(What is required)
Exclude all pictures, then restate the entries below word for word.

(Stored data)

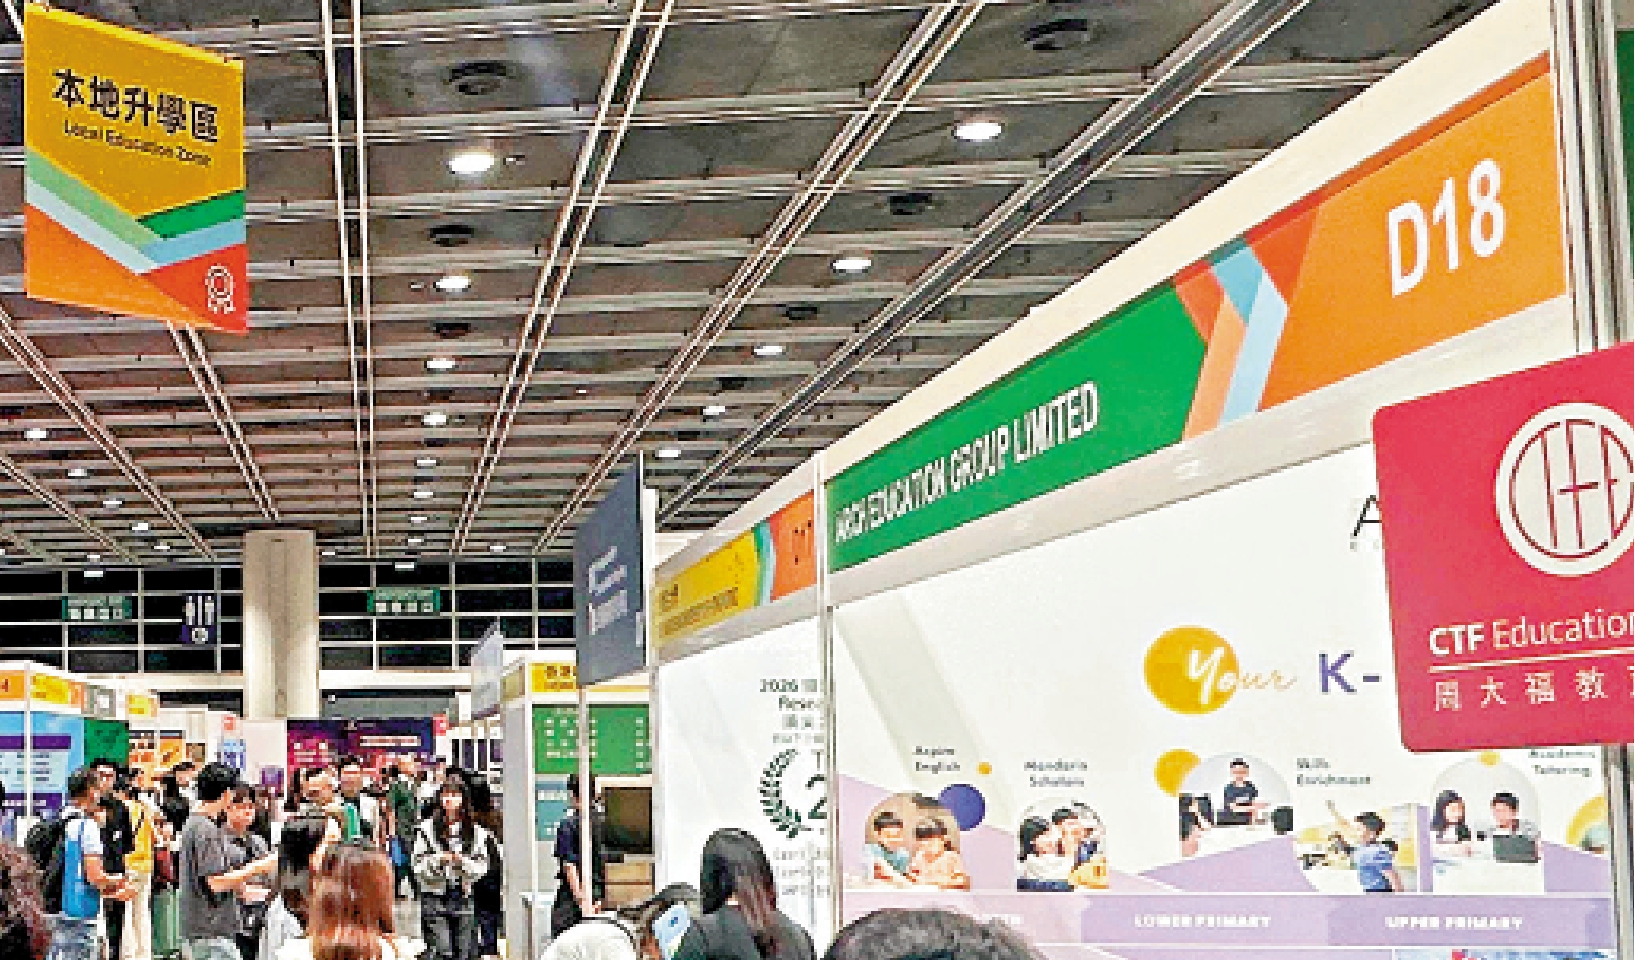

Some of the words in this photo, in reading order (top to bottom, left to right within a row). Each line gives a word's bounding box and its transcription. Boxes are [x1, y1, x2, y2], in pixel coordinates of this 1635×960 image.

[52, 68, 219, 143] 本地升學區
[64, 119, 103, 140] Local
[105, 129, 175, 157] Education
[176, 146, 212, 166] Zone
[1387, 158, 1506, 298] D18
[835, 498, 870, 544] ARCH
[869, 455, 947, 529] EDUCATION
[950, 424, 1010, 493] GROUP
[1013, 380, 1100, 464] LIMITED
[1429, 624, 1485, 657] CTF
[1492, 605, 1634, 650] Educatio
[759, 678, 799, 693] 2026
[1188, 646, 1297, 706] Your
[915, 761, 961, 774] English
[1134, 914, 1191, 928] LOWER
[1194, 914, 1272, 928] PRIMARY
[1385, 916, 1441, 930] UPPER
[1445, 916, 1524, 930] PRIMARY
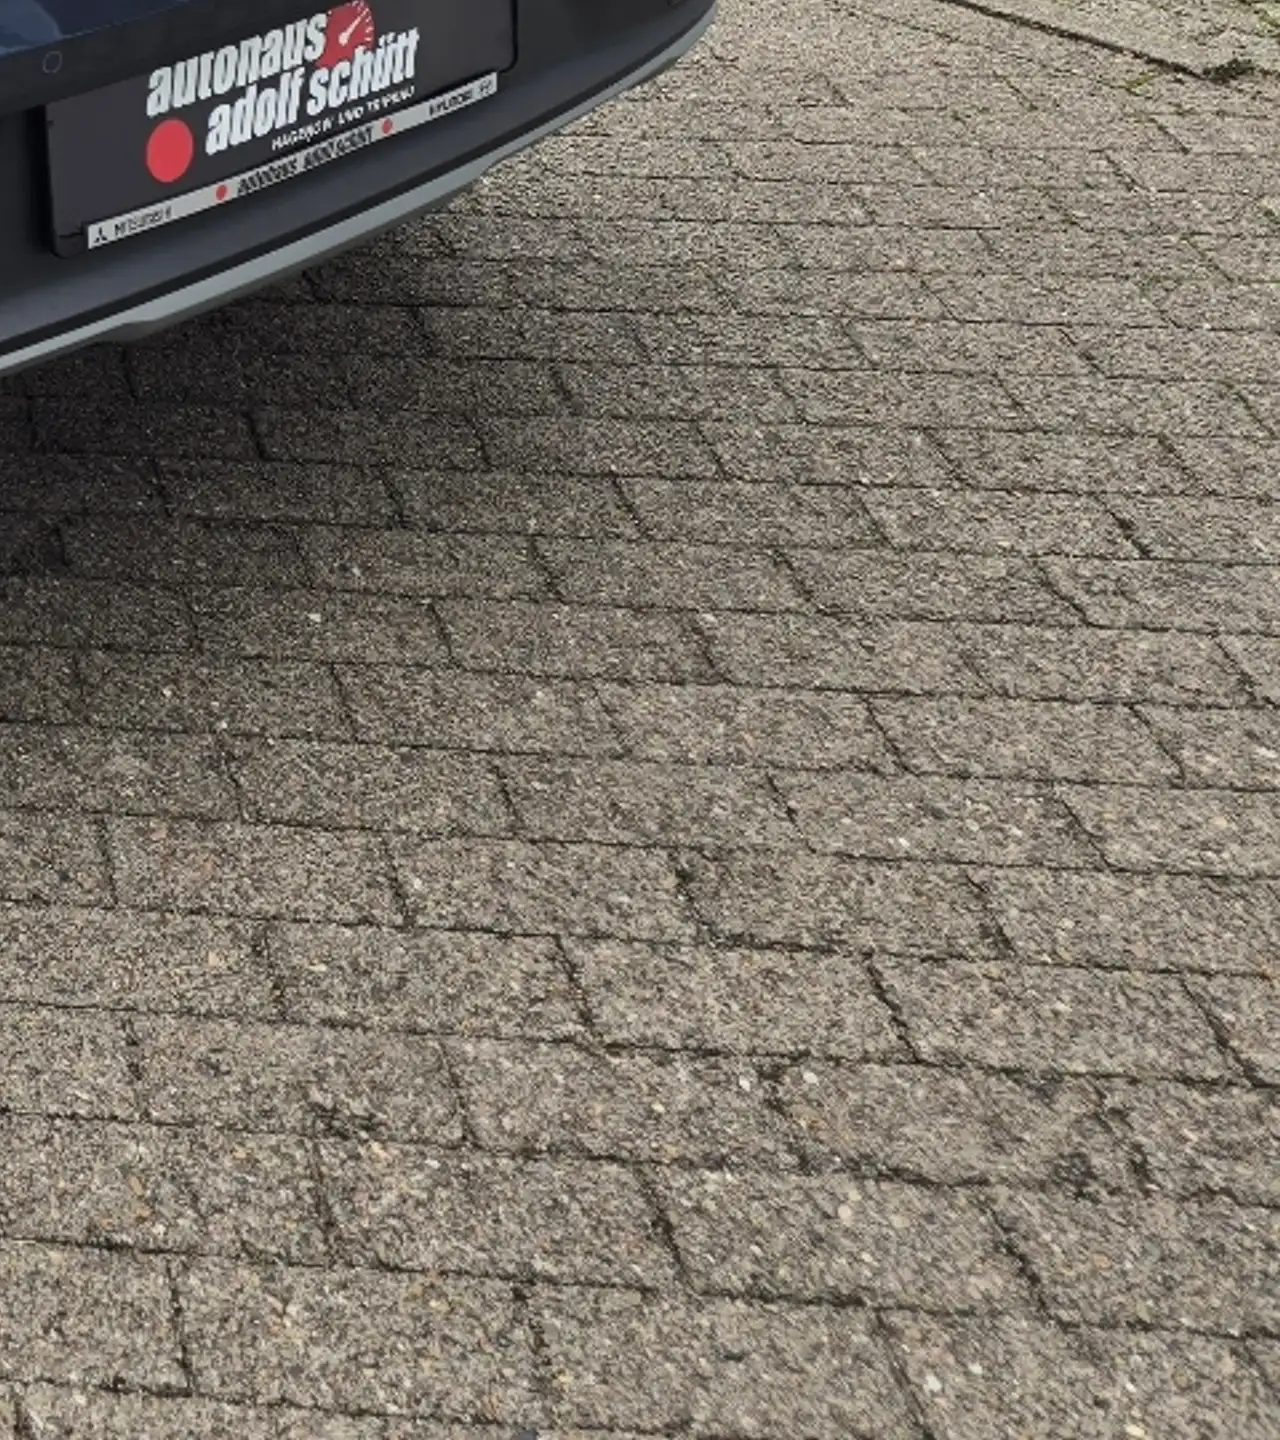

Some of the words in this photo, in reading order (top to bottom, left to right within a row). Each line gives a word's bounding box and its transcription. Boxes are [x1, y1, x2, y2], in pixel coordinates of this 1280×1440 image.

(Problem solution)
Some of the words in this photo, in reading order (top to bottom, left to right within a row). Each line gives a word's bounding box and its transcription. Boxes are [x1, y1, x2, y2], in pixel coordinates of this 1635×960 image.

[52, 68, 219, 143] 本地升學區
[64, 119, 103, 140] Local
[105, 129, 175, 157] Education
[176, 146, 212, 166] Zone
[1387, 158, 1506, 298] D18
[835, 498, 870, 544] ARCH
[869, 455, 947, 529] EDUCATION
[950, 424, 1010, 493] GROUP
[1013, 380, 1100, 464] LIMITED
[1429, 624, 1485, 657] CTF
[1492, 605, 1634, 650] Educatio
[759, 678, 799, 693] 2026
[1188, 646, 1297, 706] Your
[915, 761, 961, 774] English
[1134, 914, 1191, 928] LOWER
[1194, 914, 1272, 928] PRIMARY
[1385, 916, 1441, 930] UPPER
[1445, 916, 1524, 930] PRIMARY

Some of the words in this photo, in reading order (top to bottom, left to right within a row). Each line gives a word's bounding box and its transcription. Boxes are [x1, y1, x2, y2], in pixel coordinates of this 1280×1440 image.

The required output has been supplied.